**Your instructions**
Every line below is to be copied exactly, with the pictures left out.

**Exercise inputs**
*** Begin section ***

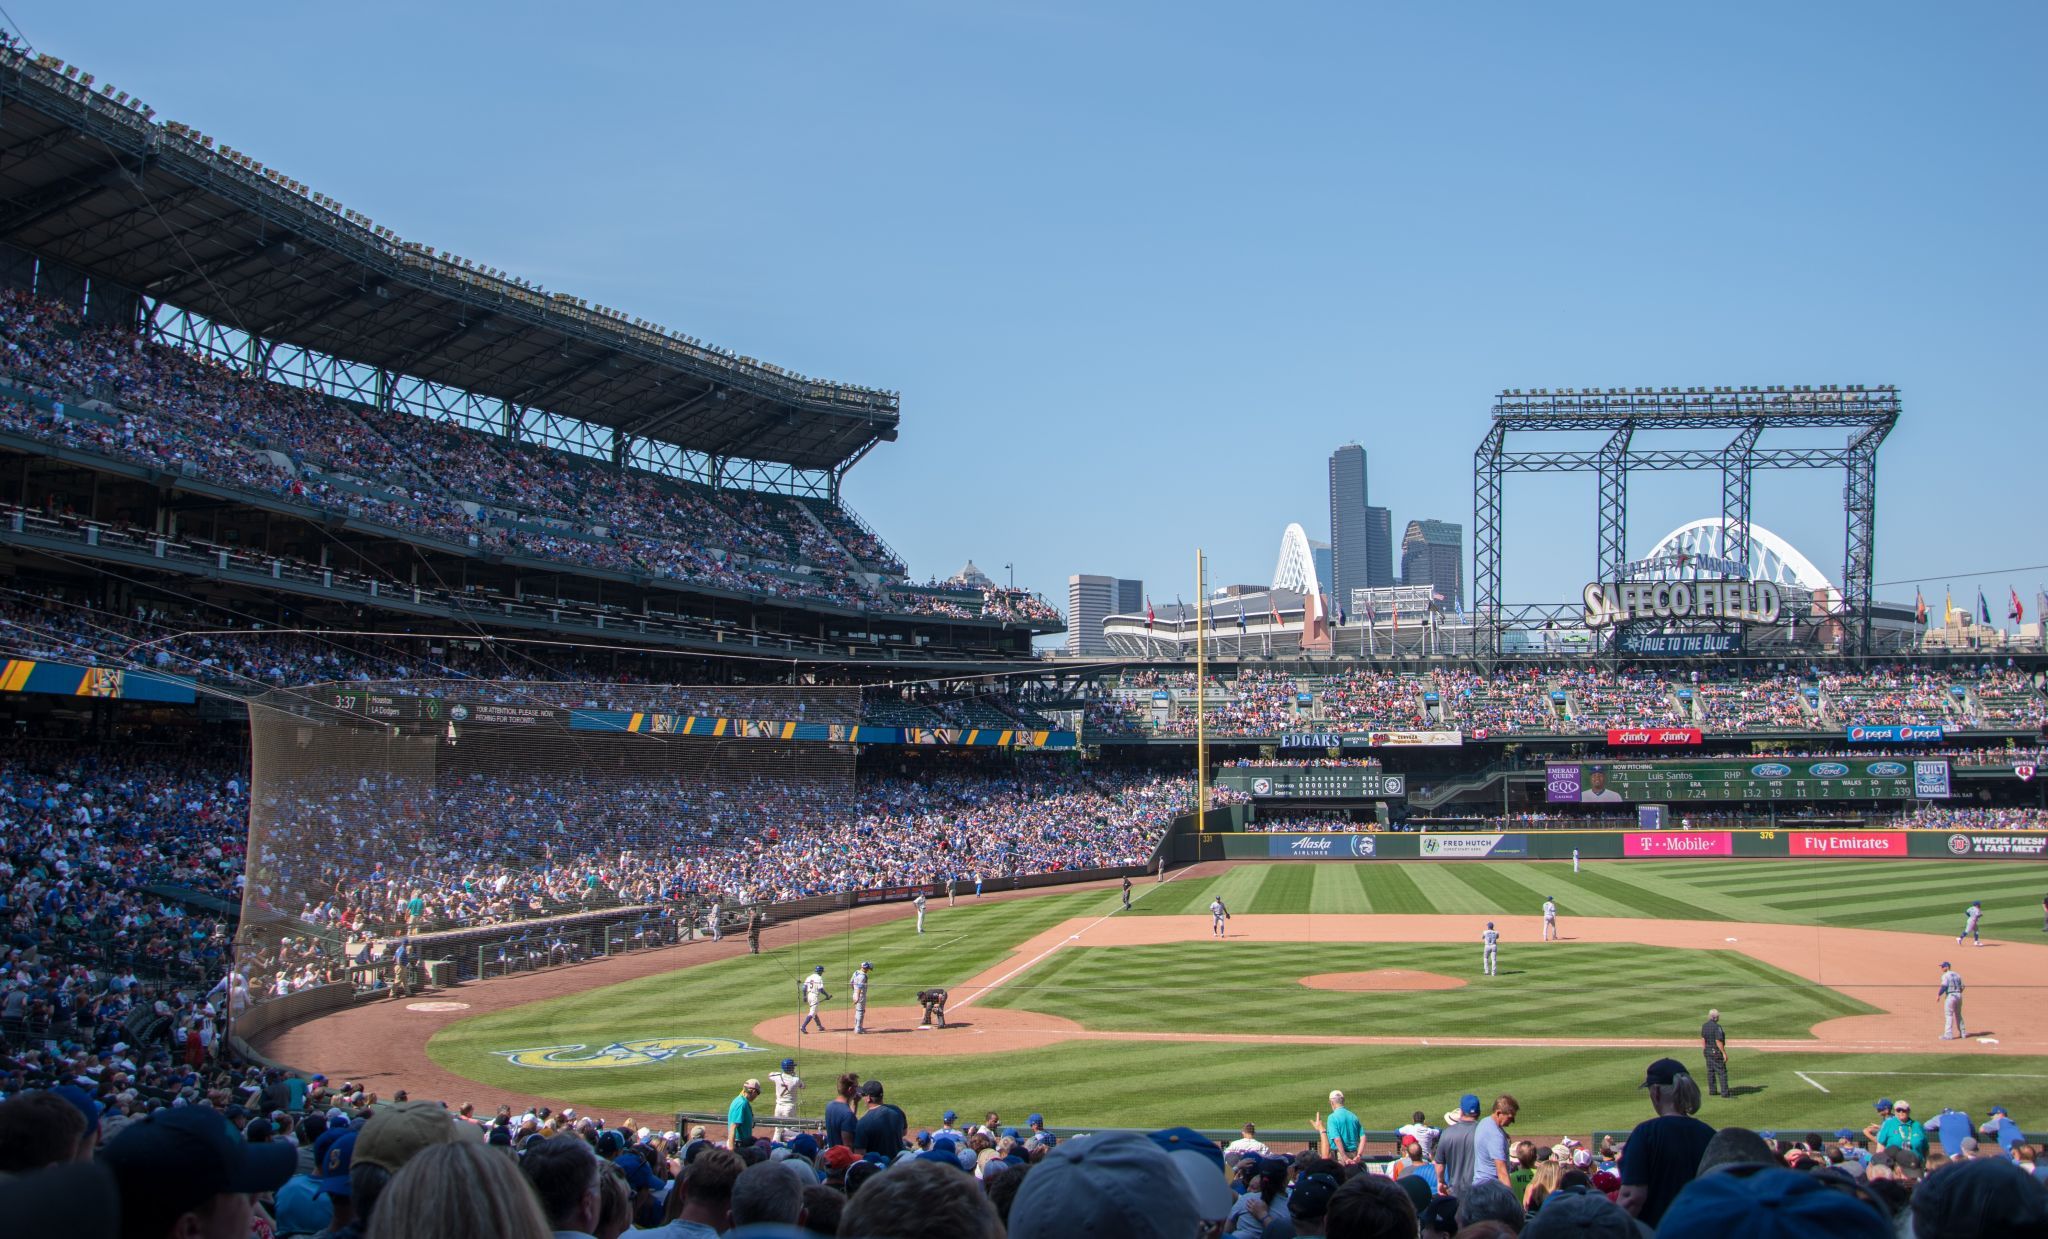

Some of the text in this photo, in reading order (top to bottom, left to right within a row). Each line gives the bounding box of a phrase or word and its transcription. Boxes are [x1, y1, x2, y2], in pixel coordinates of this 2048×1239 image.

[1613, 553, 1749, 579] SEATTLE MARINERS
[1583, 580, 1780, 629] SAFECO FIELD
[1639, 634, 1731, 651] TRUE TO THE BLUE
[335, 695, 356, 709] 3:37
[371, 695, 393, 704] Houston
[371, 706, 400, 716] LA Dodgers
[1619, 731, 1690, 743] xfinity xfinity
[1865, 729, 1892, 739] pepsi
[1913, 729, 1940, 739] pepsi
[1282, 734, 1340, 747] EDGARS
[1759, 765, 1783, 776] Ford
[1817, 764, 1841, 775] Ford
[1874, 764, 1898, 774] Ford
[1917, 765, 1944, 774] BUILT
[1612, 771, 1741, 780] #71 Luis Santos RHP
[1667, 790, 1672, 798] 0
[1687, 789, 1706, 798] 7.24
[1724, 789, 1729, 797] 9
[1743, 788, 1761, 797] 13.2
[1771, 788, 1781, 797] 19
[1797, 788, 1806, 797] 11
[1823, 788, 1828, 797] 2
[1849, 788, 1855, 796] 6
[1871, 788, 1880, 796] 17
[1892, 787, 1911, 796] .339
[1918, 785, 1946, 793] TOUGH
[1291, 836, 1332, 849] Alaska
[1805, 837, 1889, 851] Fly Emirates
[1971, 836, 2046, 845] WHERE FRESH
[2012, 845, 2042, 853] MEET

*** End section ***

**Answer to the exercise**
Some of the text in this photo, in reading order (top to bottom, left to right within a row). Each line gives the bounding box of a phrase or word and its transcription. Boxes are [x1, y1, x2, y2], in pixel coordinates of this 2048×1239 image.

[1613, 553, 1749, 579] SEATTLE MARINERS
[1583, 580, 1780, 629] SAFECO FIELD
[1639, 634, 1731, 651] TRUE TO THE BLUE
[335, 695, 356, 709] 3:37
[371, 695, 393, 704] Houston
[371, 706, 400, 716] LA Dodgers
[1619, 731, 1690, 743] xfinity xfinity
[1865, 729, 1892, 739] pepsi
[1913, 729, 1940, 739] pepsi
[1282, 734, 1340, 747] EDGARS
[1759, 765, 1783, 776] Ford
[1817, 764, 1841, 775] Ford
[1874, 764, 1898, 774] Ford
[1917, 765, 1944, 774] BUILT
[1612, 771, 1741, 780] #71 Luis Santos RHP
[1667, 790, 1672, 798] 0
[1687, 789, 1706, 798] 7.24
[1724, 789, 1729, 797] 9
[1743, 788, 1761, 797] 13.2
[1771, 788, 1781, 797] 19
[1797, 788, 1806, 797] 11
[1823, 788, 1828, 797] 2
[1849, 788, 1855, 796] 6
[1871, 788, 1880, 796] 17
[1892, 787, 1911, 796] .339
[1918, 785, 1946, 793] TOUGH
[1291, 836, 1332, 849] Alaska
[1805, 837, 1889, 851] Fly Emirates
[1971, 836, 2046, 845] WHERE FRESH
[2012, 845, 2042, 853] MEET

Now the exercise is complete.